„Rigoletto“ von Giuseppe Verdi an der Oper Frankfurt
Ein Narr in der Welt des Irrsinns, bewohnt von Elenden –
Gilda, zur Madonna stilisiert
Von Renate Feyerbacher
Fotos: Monika Rittershaus / Oper Frankfurt und Renate Feyerbacher
„Rigoletto“, ein Renner auf den Opernbühnen, hatte am 19. März 2017 an der Oper Frankfurt eine umjubelte Premiere – durchsetzt durch einige Buhrufe für das Regieteam.
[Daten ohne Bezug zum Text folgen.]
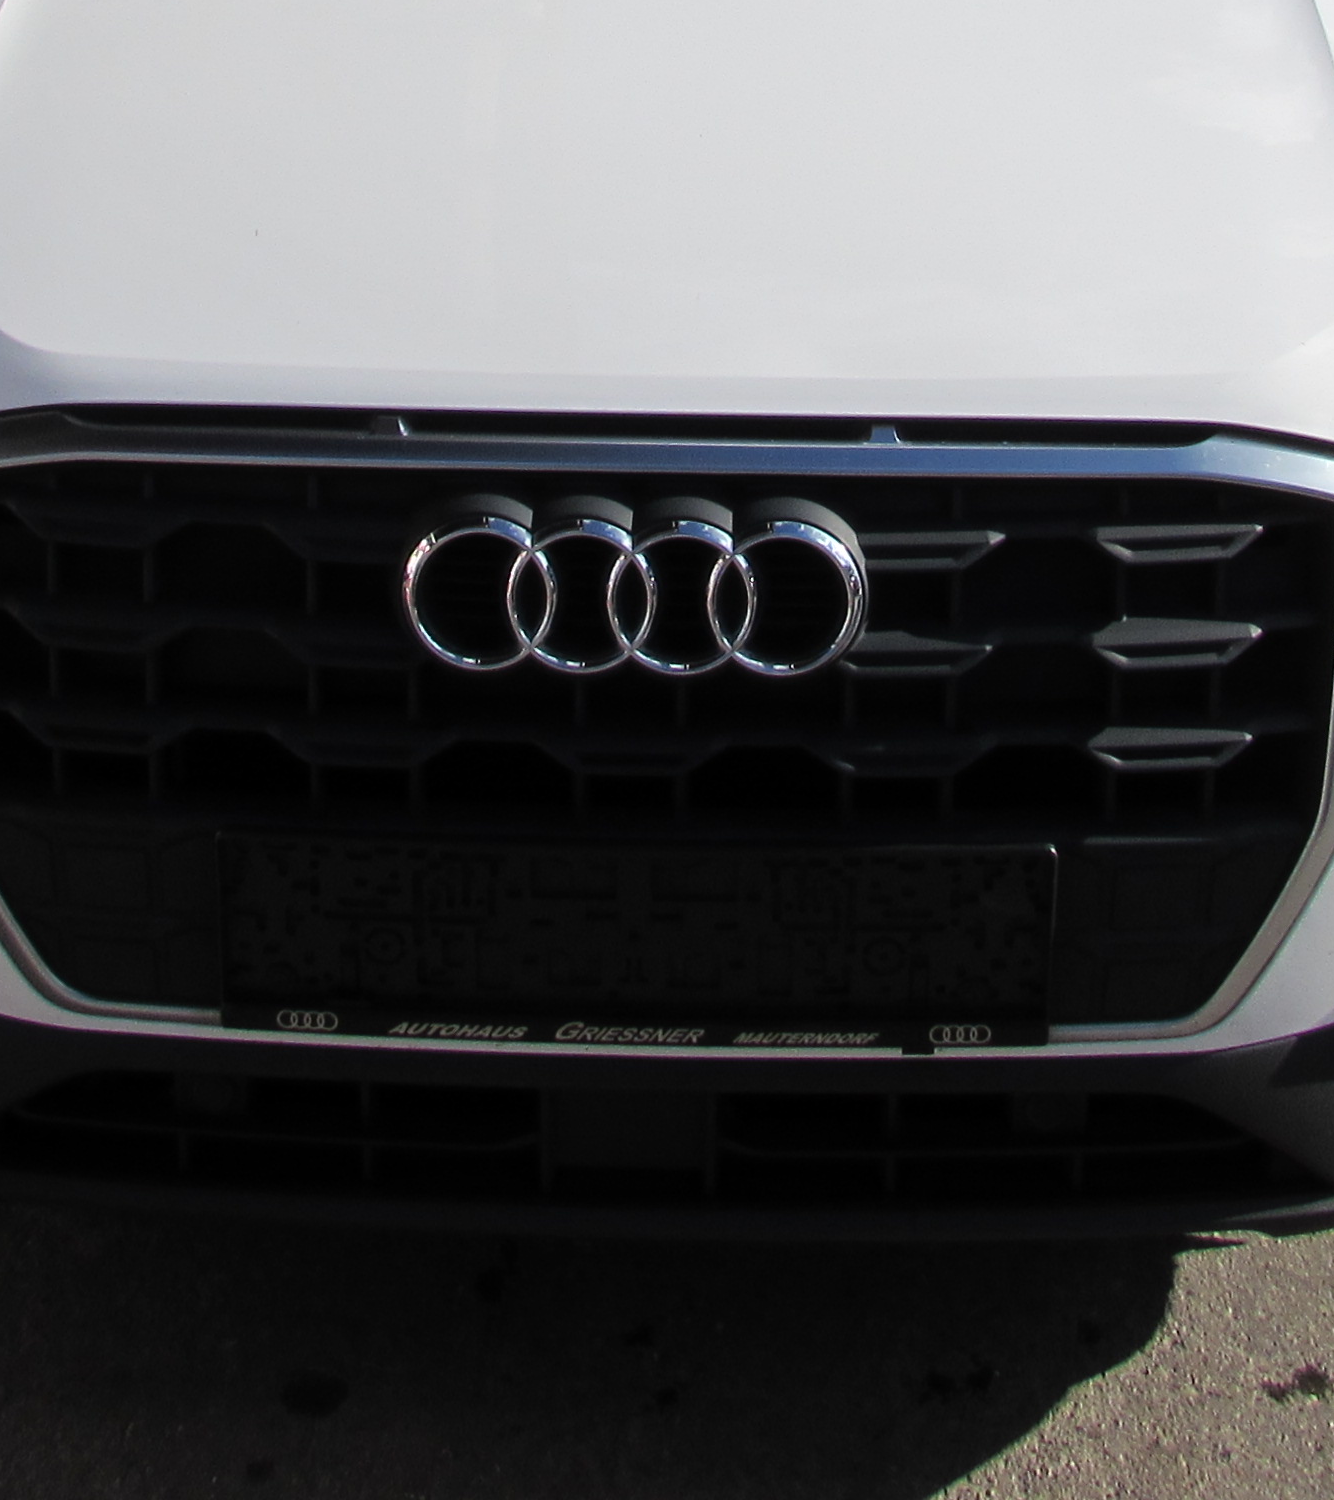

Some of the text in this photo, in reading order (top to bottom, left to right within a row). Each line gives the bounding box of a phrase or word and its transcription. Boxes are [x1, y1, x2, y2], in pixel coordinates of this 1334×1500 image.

[388, 1020, 880, 1046] AUTOHAUS GRIESSNER MAUTERNDORF
Bei der Ouvertüre kniet Rigoletto auf einer Betbank vor einem kleinen Hausaltar. Massig mit wuchtigem Umhang und tiaraförmiger Narrenkappe. Er steht auf, nimmt das Marien-Bild aus dem vor ihm stehenden Rahmen und verspeist es. Masslosigkeit und Herrschaftsanspruch sind spürbar. Dramaturg Zsolt Horpácsy nennt Rigoletto einen „Beauftragten Gottes“, und für Regisseur Hendrik Müller ist er ein „selbsternannter Mann der Kirche“ (Oper extra). Arrigo Boito, Komponist und Librettist, bezeichnet seinen Freund Giuseppe Verdi als grossen Christen „im idealen, moralischen und sozialen Sinn“, nicht aber „im strengen Wortsinn theologischer Hinsicht als Katholik“ (Zitat Programmheft).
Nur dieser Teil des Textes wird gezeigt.